About this task
In your copy, leave out the pictures; write out all the data exactly.

Data shown START

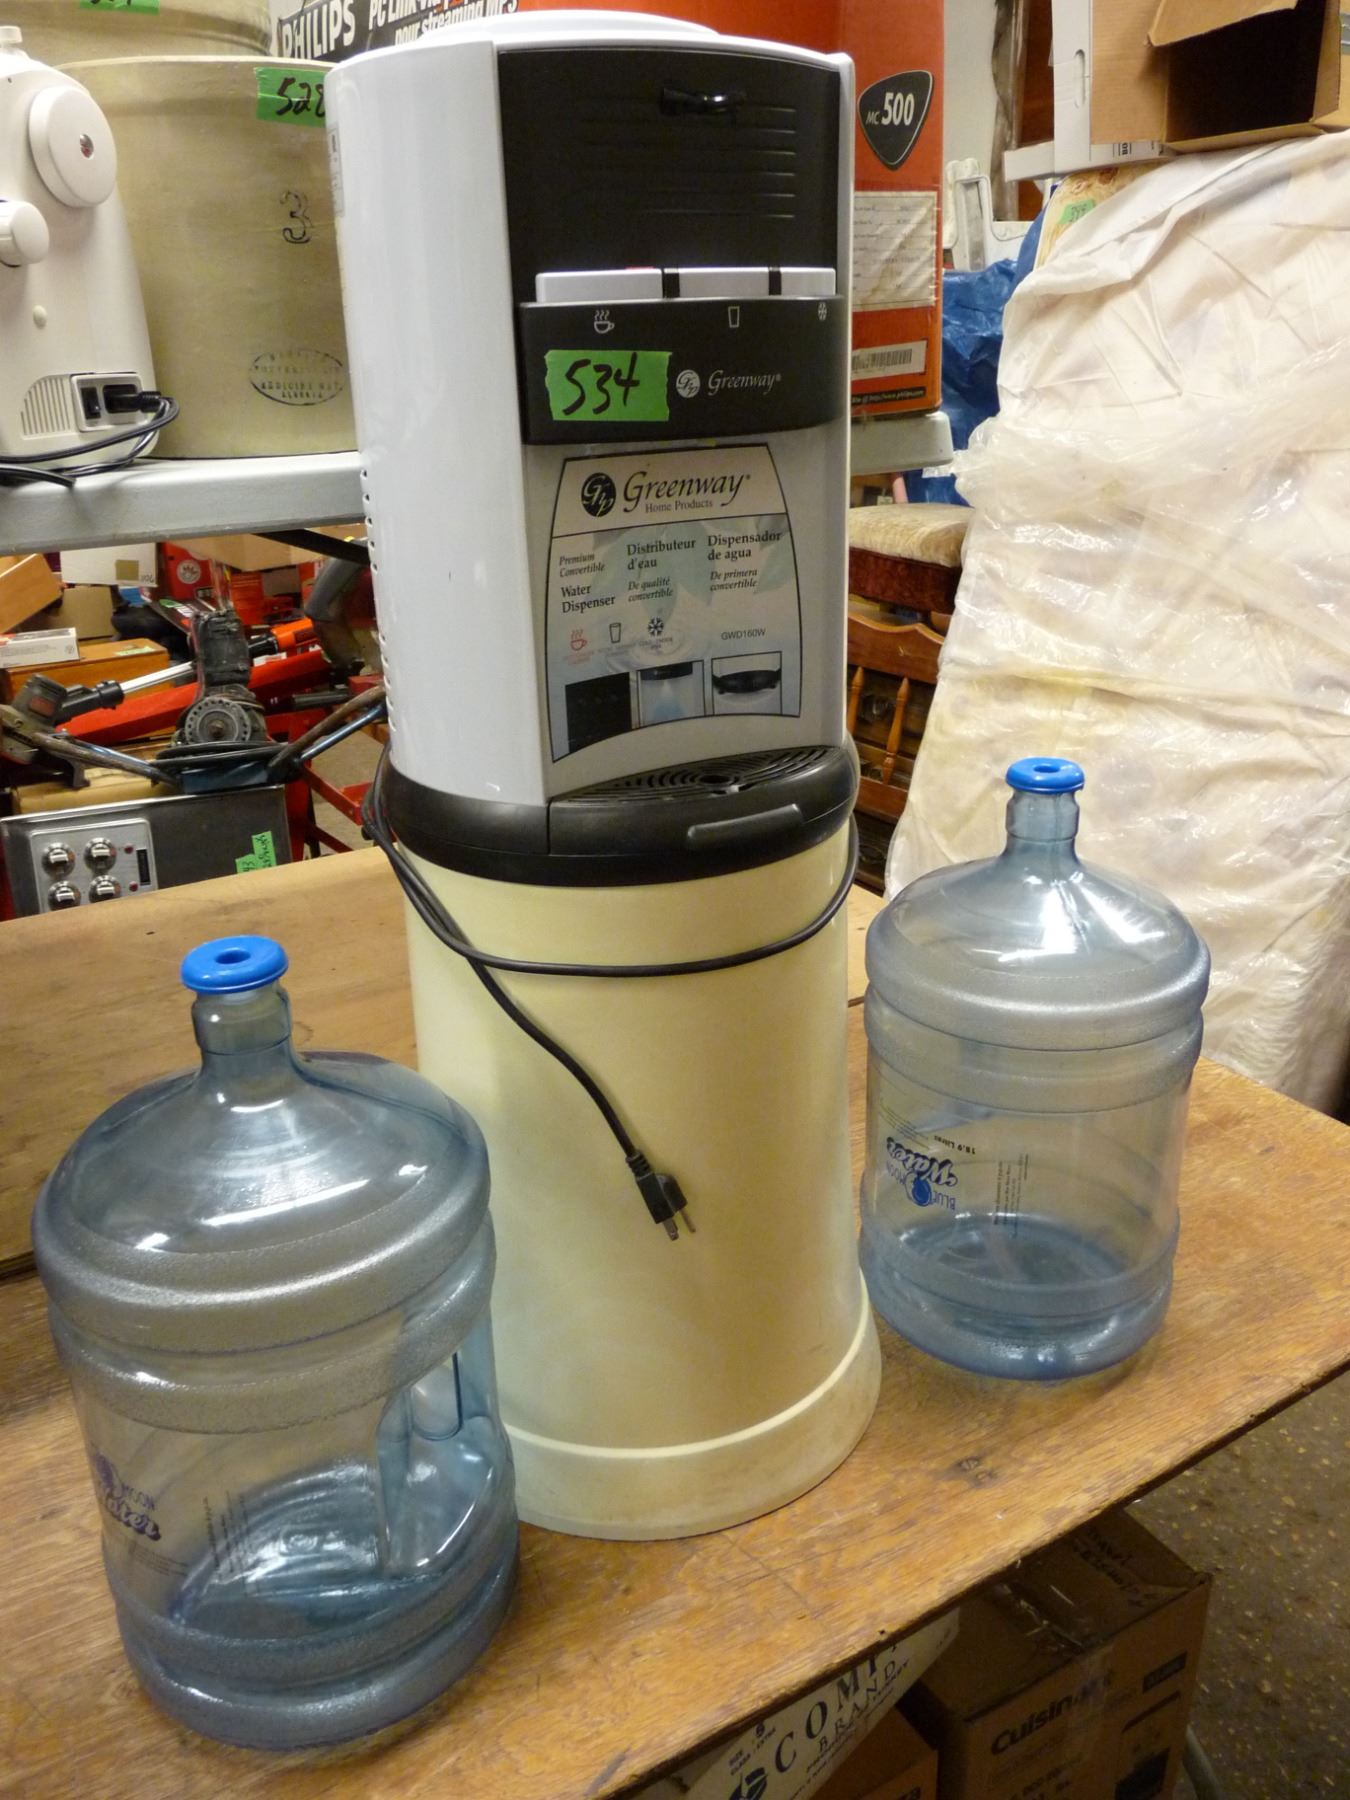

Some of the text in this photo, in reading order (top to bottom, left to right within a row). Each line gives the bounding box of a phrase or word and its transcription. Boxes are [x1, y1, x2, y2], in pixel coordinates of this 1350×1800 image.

[282, 0, 356, 59] PHILIPS
[866, 91, 915, 126] MC 500
[562, 352, 641, 416] 534
[645, 498, 713, 514] Home Products
[626, 538, 697, 556] Distributeur
[707, 530, 783, 549] Dispensador
[559, 551, 595, 567] Premium
[707, 549, 752, 562] de agua
[559, 562, 605, 578] Convertible
[627, 557, 657, 571] d'eau
[628, 575, 671, 591] De qualité
[710, 568, 758, 583] De primera
[560, 584, 592, 599] Water
[709, 578, 758, 592] convertible
[628, 587, 674, 602] convertible
[562, 594, 616, 614] Dispenser
[721, 628, 766, 641] GWD160W

Data shown END

Solution to this task
Some of the text in this photo, in reading order (top to bottom, left to right within a row). Each line gives the bounding box of a phrase or word and its transcription. Boxes are [x1, y1, x2, y2], in pixel coordinates of this 1350×1800 image.

[282, 0, 356, 59] PHILIPS
[866, 91, 915, 126] MC 500
[562, 352, 641, 416] 534
[645, 498, 713, 514] Home Products
[626, 538, 697, 556] Distributeur
[707, 530, 783, 549] Dispensador
[559, 551, 595, 567] Premium
[707, 549, 752, 562] de agua
[559, 562, 605, 578] Convertible
[627, 557, 657, 571] d'eau
[628, 575, 671, 591] De qualité
[710, 568, 758, 583] De primera
[560, 584, 592, 599] Water
[709, 578, 758, 592] convertible
[628, 587, 674, 602] convertible
[562, 594, 616, 614] Dispenser
[721, 628, 766, 641] GWD160W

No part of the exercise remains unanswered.